Le Méné, who is also an academy member, criticized his two fellow members in a commentary in the French daily Le Figaro, saying that “it is one thing for people to express their personal opinion; it is quite another to use their positions to officially commit the Pontifical Academy for Life.” Moreover, he said it was “just as well” other members were not consulted, as the academy cannot support such positions contrary to the Church’s magisterium.
He also echoed Cardinal Eijk’s rejection of the application of Article 73 of Evangelium Vitae in this instance, as he said it would be a matter of “deliberately enacting an evil law to avoid another future one, which would be more evil.”
“The law it is purported to avoid will end up passing even faster,” he warned. “Nothing and no one will prevent extending the initial transgression, which invites medicine to bring about death.”
In comments to the Register, Le Méné said there is “no reason to think that this teaching could be changed” and that the prohibition of killing “largely predates Christianity; it is a matter of natural morality.” Voting for an immoral law, he said, “can never be the choice of a Christian,” he said, and if the academy were to “fall into the trap of the lesser evil [that] would make it lose its justification.”
Le Méné also criticized Thiel for stating publicly in her article that she was a member of the academy.
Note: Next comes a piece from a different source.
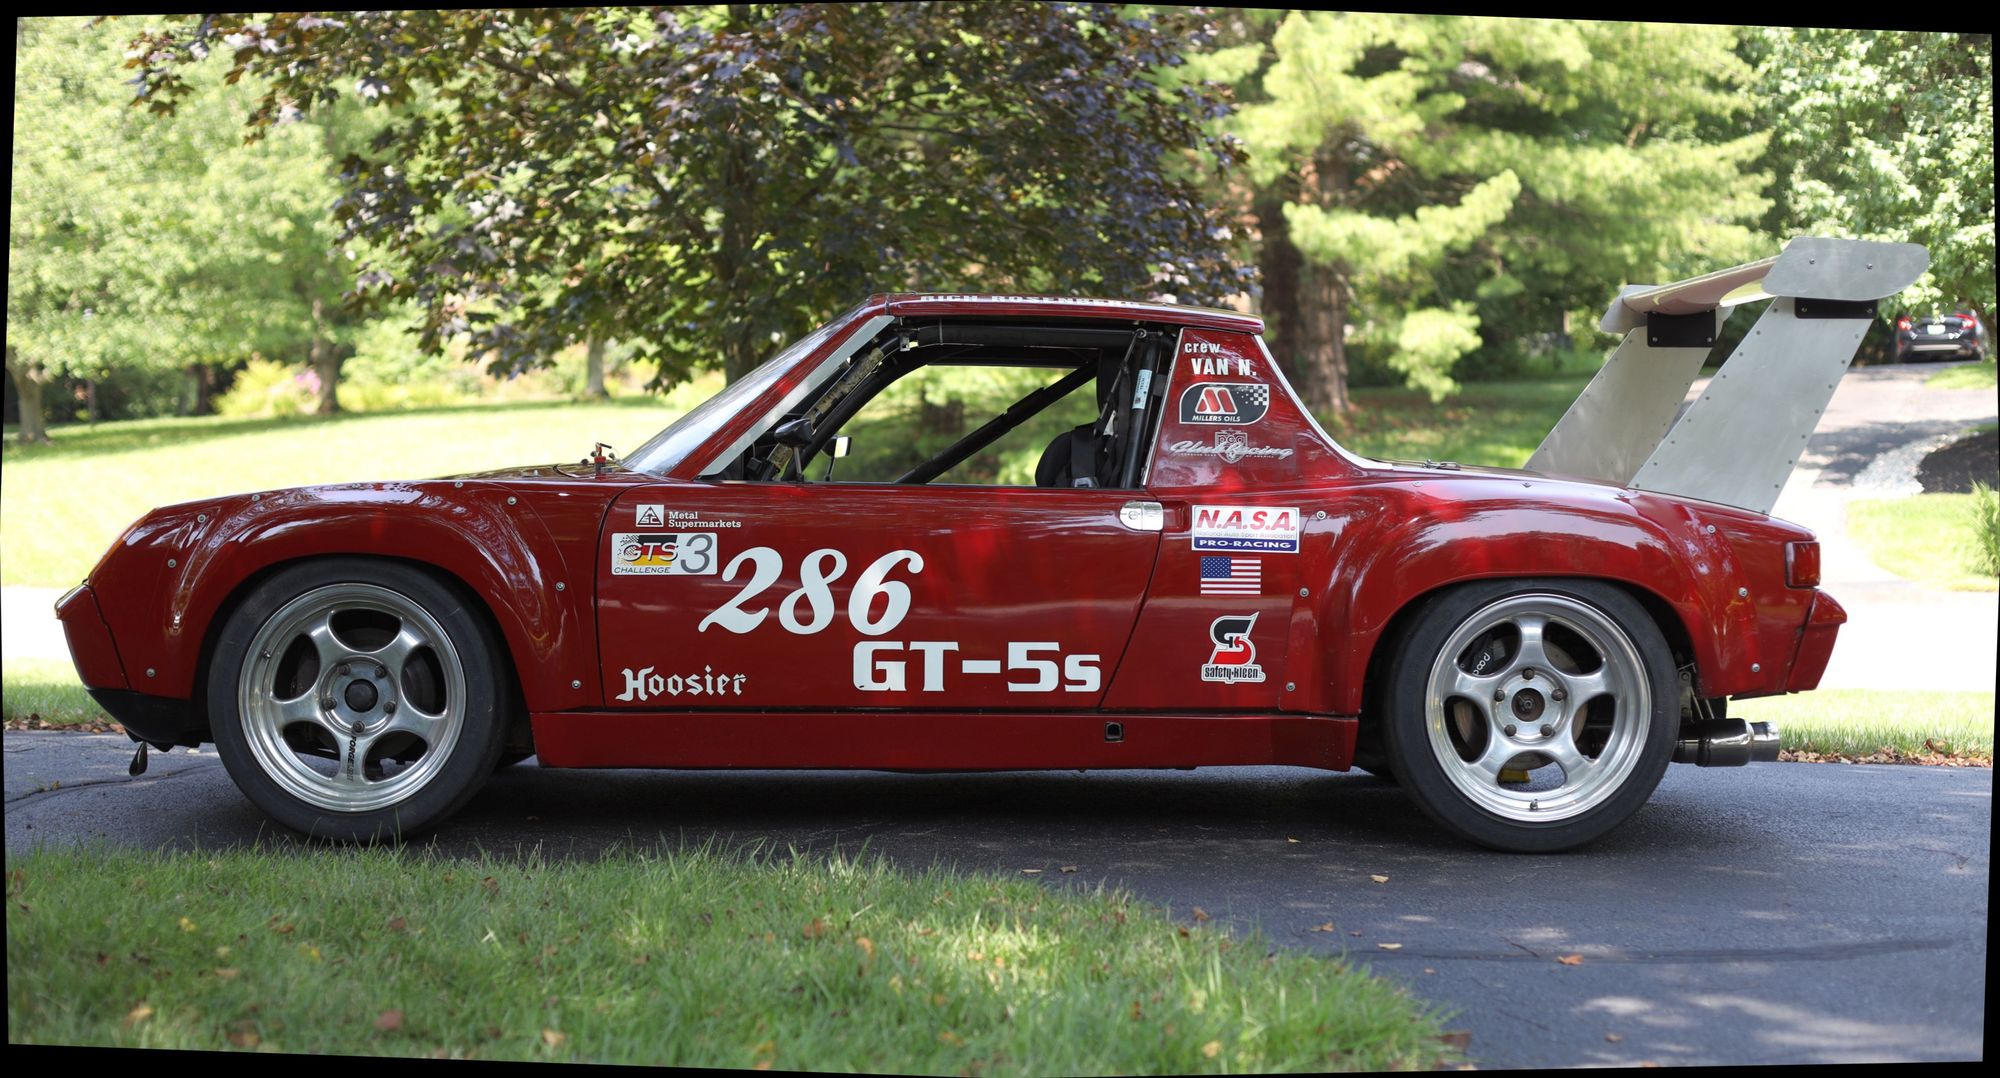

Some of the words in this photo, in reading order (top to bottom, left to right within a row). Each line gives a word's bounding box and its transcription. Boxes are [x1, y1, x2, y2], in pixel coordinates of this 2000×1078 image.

Academy members are bound by its statutes, namely article 5 §5(b), which states that academicians must “commit to promoting and defending the principles related to the value of life and the dignity of the human person, interpreted in a way that conforms with the magisterium of the Church.”
Le Méné said to support legislation in favor of assisted suicide “is a departure” from such a prescription.
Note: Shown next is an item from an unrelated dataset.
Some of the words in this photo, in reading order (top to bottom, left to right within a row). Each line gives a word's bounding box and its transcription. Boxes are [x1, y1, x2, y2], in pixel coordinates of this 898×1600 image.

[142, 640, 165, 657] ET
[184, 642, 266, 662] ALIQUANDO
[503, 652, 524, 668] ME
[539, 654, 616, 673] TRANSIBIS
Le Méné said such incidents could be avoided if there was greater collaboration between academicians and decisions taken together on what works are “worthy of publication and which are not.”
The Register asked the Pontifical Academy for Life if it wished to comment on the apparent breach of the academy’s statues and if action would be taken to prevent such statements in the future, but it did not respond.
In a Feb. 18 statement, the academy “warmly welcome[d]” the Constitutional Court’s decision of Feb. 15, saying that a referendum “would have opened the way to euthanasia.” It also made a point of stating that it “reiterates the teaching of the Catholic Church, reaffirms the value and respect for every human life, is opposed to suicide, therefore also to assisted suicide, as recalled several times by the Pope.”
Le Méné told the Register Feb. 18 that he respected the judges’ decision, adding he did not think the court “needed Father Casalone’s article to understand that the referendum on the homicide of a consenting person was madness and that it should be rejected.”
But he added that, in the absence of a referendum, parliament will still try to legislate for it, and Father Casalone’s article “provides justification for it to be passed.”